But that victory didn’t catapult him to the Maglia rosa as
it was supposed to, instead he was usurped by Isaac del Toro has UAE’s number 2
behind the world champion Tadej Pogacar.
2025 was defined by turbulence, especially the public
rupture with UAE Team Emirates-XRG late in the year. The quote that cut through
everything was blunt: “It's like a dictatorship,” Ayuso said as the split
became front-page new. He also insisted, “We'd made an agreement that it would
come out after the Vuelta was over,” as the team confirmed his departure to
Lidl-Trek whilst he was still racing in Spain.
In a new team, with big names already present, the Spaniard
needs to show his best form, without anyone noise off of the bike.

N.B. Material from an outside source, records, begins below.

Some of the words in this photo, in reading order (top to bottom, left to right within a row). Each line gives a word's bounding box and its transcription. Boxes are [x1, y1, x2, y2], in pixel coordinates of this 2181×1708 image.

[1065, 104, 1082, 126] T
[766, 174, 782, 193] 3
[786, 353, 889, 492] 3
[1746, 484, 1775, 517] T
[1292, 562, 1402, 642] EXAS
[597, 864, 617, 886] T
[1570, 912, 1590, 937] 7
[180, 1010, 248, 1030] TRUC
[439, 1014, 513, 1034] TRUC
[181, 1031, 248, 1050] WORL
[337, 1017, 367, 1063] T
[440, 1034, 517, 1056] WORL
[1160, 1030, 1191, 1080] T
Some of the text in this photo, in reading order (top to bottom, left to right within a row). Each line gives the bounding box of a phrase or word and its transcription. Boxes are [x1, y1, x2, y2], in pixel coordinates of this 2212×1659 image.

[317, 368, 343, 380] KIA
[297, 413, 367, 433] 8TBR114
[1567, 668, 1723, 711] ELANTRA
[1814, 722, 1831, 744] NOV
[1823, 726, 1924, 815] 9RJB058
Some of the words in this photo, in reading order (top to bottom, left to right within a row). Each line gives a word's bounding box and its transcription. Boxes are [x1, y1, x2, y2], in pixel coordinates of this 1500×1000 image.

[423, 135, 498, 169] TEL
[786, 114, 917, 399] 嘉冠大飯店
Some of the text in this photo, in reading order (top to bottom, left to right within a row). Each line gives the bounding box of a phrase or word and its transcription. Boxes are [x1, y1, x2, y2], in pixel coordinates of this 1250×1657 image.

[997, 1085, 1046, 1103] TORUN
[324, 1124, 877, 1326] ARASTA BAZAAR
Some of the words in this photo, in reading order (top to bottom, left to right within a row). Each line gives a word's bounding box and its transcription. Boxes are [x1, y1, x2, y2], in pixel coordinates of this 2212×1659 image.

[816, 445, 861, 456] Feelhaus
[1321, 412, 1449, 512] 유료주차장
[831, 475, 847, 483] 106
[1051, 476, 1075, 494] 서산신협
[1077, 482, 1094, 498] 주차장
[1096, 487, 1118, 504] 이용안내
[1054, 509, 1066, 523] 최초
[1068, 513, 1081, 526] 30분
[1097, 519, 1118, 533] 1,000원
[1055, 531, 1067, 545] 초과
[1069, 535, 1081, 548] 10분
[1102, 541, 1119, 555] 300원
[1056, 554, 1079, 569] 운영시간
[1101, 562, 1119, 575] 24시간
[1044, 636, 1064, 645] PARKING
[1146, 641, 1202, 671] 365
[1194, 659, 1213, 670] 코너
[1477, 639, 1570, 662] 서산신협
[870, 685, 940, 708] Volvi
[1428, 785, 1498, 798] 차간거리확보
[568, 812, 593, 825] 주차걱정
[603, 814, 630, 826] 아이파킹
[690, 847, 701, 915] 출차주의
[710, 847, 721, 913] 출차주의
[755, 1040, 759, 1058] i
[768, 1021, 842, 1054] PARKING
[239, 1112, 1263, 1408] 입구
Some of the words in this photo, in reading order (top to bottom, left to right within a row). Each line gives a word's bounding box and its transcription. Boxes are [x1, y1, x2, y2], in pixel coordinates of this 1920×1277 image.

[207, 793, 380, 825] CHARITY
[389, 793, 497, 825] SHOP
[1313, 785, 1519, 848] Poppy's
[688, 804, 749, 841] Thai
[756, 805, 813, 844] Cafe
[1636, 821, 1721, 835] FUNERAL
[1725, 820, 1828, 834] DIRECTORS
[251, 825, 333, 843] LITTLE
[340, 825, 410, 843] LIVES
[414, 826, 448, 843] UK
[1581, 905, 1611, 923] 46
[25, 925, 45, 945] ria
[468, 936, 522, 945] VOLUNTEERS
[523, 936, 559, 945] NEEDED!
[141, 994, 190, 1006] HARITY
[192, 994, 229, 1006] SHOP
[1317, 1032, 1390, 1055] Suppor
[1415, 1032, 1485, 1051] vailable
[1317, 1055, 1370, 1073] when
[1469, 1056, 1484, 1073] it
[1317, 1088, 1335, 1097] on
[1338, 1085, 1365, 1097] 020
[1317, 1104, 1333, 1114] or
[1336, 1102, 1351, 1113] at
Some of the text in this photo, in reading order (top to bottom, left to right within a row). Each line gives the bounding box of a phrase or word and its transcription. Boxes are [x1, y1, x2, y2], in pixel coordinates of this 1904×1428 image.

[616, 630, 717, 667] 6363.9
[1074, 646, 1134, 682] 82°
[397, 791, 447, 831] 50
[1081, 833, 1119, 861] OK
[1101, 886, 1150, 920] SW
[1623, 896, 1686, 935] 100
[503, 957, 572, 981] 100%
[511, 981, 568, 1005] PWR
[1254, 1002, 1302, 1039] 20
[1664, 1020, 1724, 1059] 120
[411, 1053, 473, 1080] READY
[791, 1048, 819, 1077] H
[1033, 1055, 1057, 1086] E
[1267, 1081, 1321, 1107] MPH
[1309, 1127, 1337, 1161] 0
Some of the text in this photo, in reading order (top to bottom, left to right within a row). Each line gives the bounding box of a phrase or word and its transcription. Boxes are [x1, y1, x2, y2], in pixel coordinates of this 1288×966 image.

Ayuso needs
a year where the racing does the talking: a stable leadership role, a clean GC
run, and fewer headlines that have nothing to do with watts.
Primoz Roglic
Roglič’s 2025 is the strange kind of underwhelming that only
happens to a rider with his palmarès. He still proved he can win at the top
level, including taking overall victory at Volta a Catalunya, but the season’s
defining memories tilted toward frustration and vulnerability, not control.
Once again, crashes derailed Roglic.
The Giro d’Italia, in particular, felt like a slow
unravelling. On stage 15, when the race started slipping away, he reduced it to
survival: “I’m just happy that I finished.” Two days later he abandoned the
race after another crash, as his hopes of a second Giro win went up in smoke.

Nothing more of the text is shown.